This exercise asks for the entries to be repeated exactly, without their images.
[[ Provided entries, beginning ]]
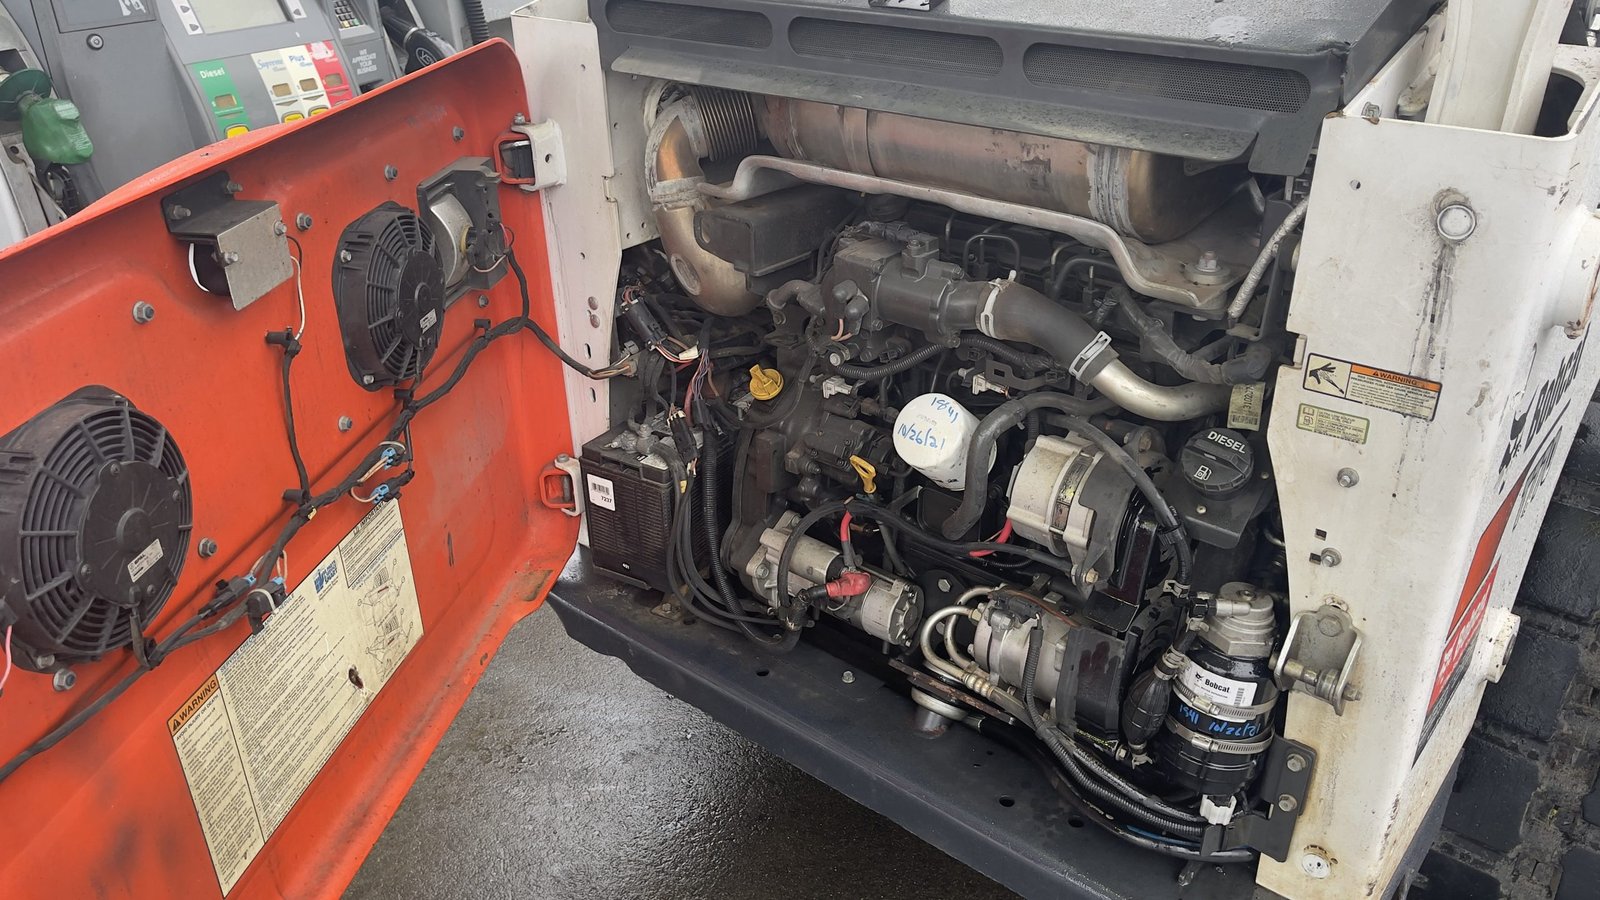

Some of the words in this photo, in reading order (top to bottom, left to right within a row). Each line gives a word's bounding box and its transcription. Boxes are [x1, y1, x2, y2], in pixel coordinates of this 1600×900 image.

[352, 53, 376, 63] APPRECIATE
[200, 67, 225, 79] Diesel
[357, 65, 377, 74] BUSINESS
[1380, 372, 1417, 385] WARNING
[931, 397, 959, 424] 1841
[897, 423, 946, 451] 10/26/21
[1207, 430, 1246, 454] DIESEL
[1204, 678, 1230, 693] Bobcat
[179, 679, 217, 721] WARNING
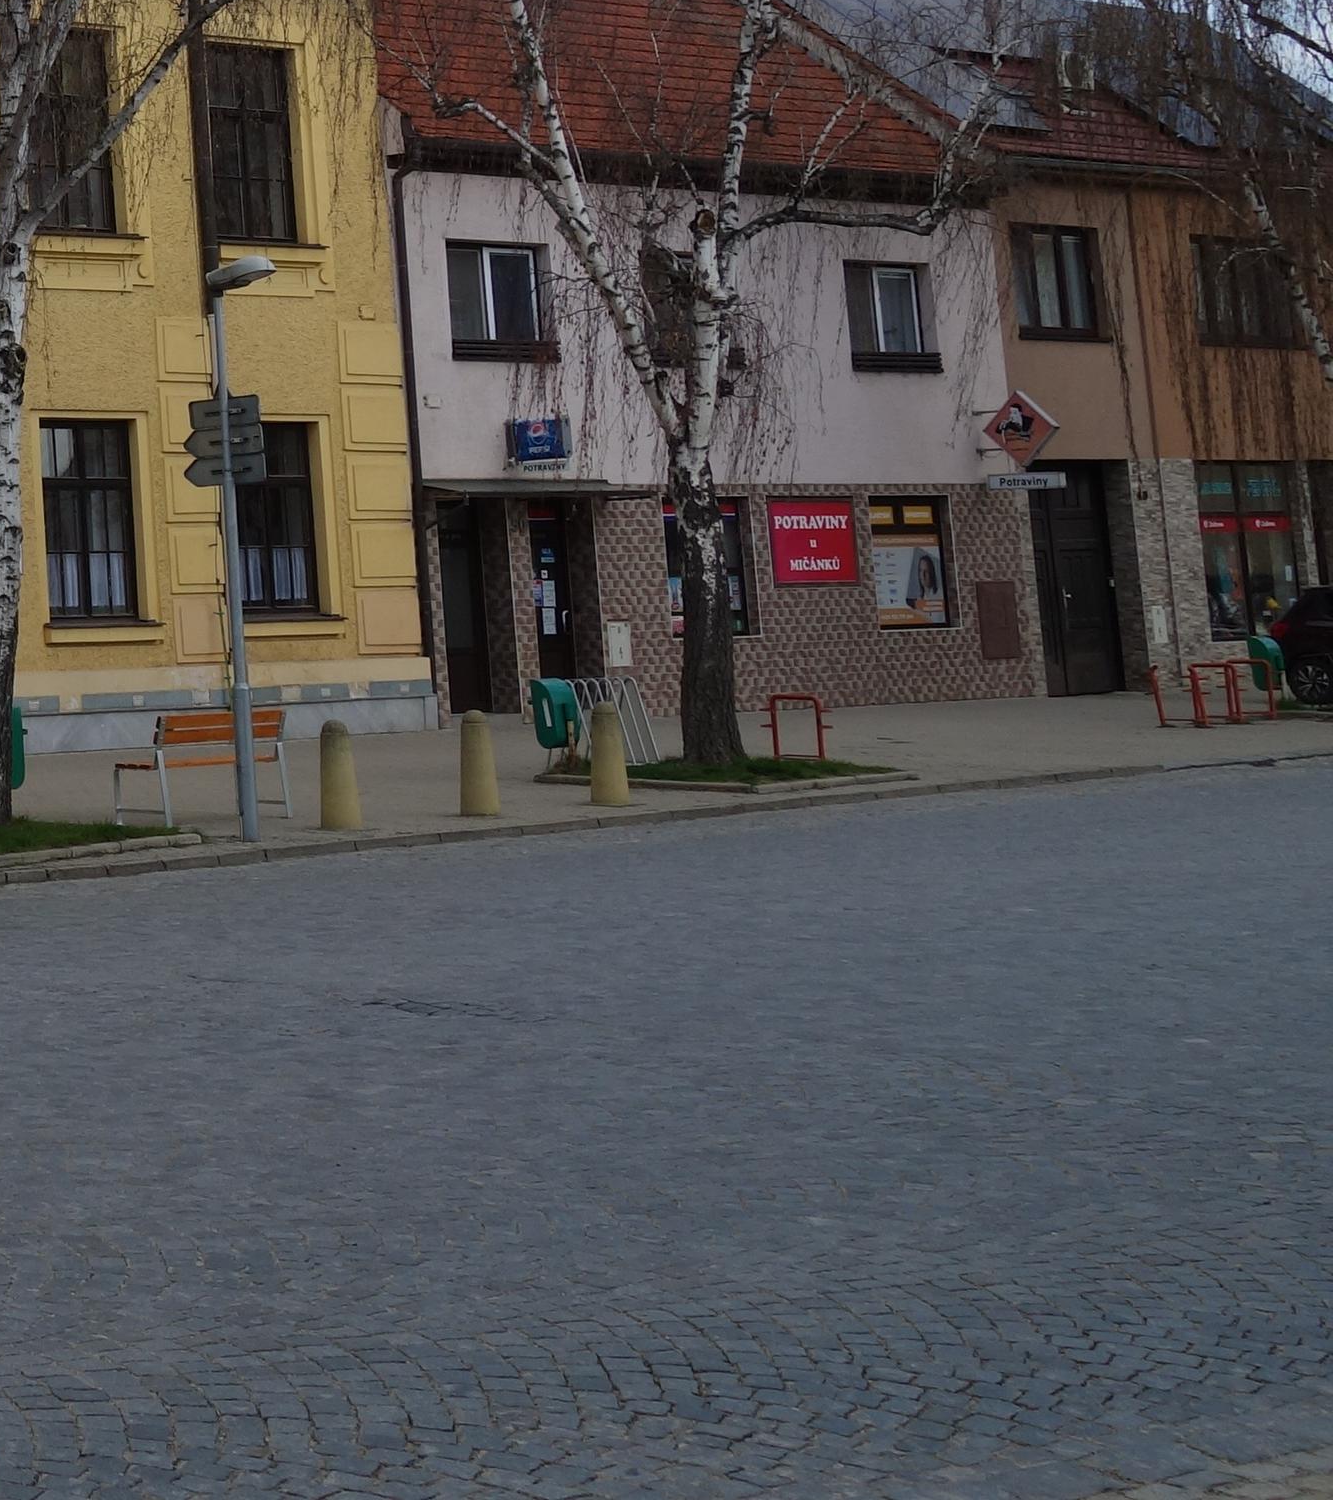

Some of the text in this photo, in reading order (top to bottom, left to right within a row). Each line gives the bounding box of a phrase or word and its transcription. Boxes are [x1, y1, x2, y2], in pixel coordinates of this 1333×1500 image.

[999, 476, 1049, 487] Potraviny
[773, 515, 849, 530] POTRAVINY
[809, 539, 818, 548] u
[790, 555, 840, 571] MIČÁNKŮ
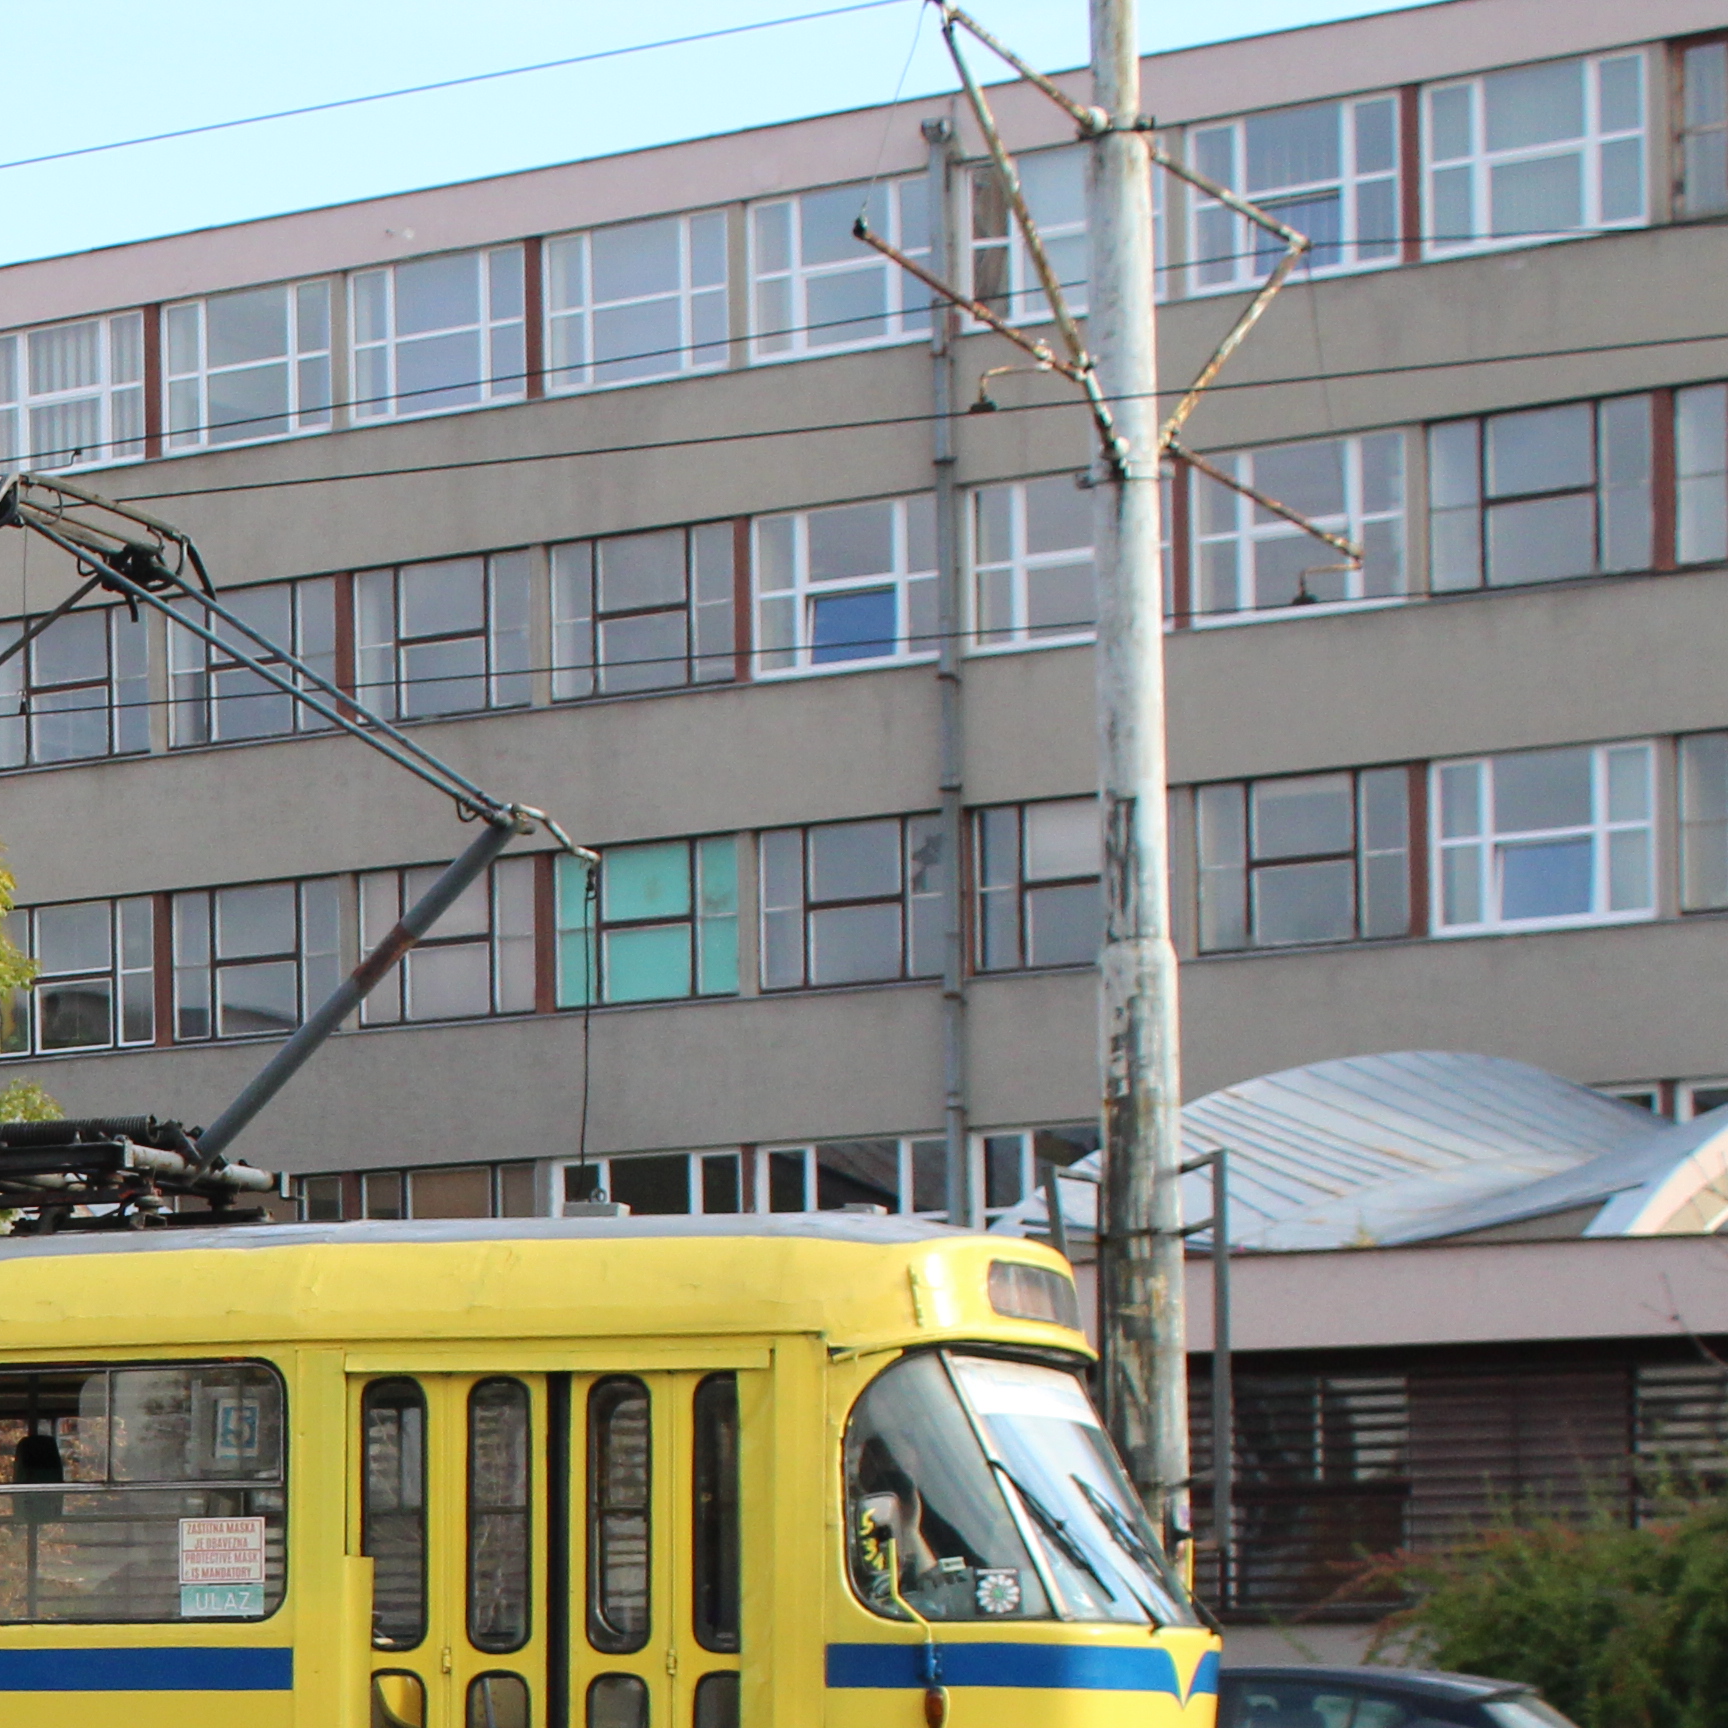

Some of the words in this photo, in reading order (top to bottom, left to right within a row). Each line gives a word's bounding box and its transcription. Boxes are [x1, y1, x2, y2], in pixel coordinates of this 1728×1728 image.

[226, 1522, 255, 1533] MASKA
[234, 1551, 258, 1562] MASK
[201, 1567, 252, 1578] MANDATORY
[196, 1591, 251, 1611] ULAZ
[[ Provided entries, end ]]
#### Task result:
Some of the words in this photo, in reading order (top to bottom, left to right within a row). Each line gives a word's bounding box and its transcription. Boxes are [x1, y1, x2, y2], in pixel coordinates of this 1600×900 image.

[352, 53, 376, 63] APPRECIATE
[200, 67, 225, 79] Diesel
[357, 65, 377, 74] BUSINESS
[1380, 372, 1417, 385] WARNING
[931, 397, 959, 424] 1841
[897, 423, 946, 451] 10/26/21
[1207, 430, 1246, 454] DIESEL
[1204, 678, 1230, 693] Bobcat
[179, 679, 217, 721] WARNING

Some of the text in this photo, in reading order (top to bottom, left to right within a row). Each line gives the bounding box of a phrase or word and its transcription. Boxes are [x1, y1, x2, y2], in pixel coordinates of this 1333×1500 image.

[999, 476, 1049, 487] Potraviny
[773, 515, 849, 530] POTRAVINY
[809, 539, 818, 548] u
[790, 555, 840, 571] MIČÁNKŮ

Some of the words in this photo, in reading order (top to bottom, left to right within a row). Each line gives a word's bounding box and its transcription. Boxes are [x1, y1, x2, y2], in pixel coordinates of this 1728×1728 image.

[226, 1522, 255, 1533] MASKA
[234, 1551, 258, 1562] MASK
[201, 1567, 252, 1578] MANDATORY
[196, 1591, 251, 1611] ULAZ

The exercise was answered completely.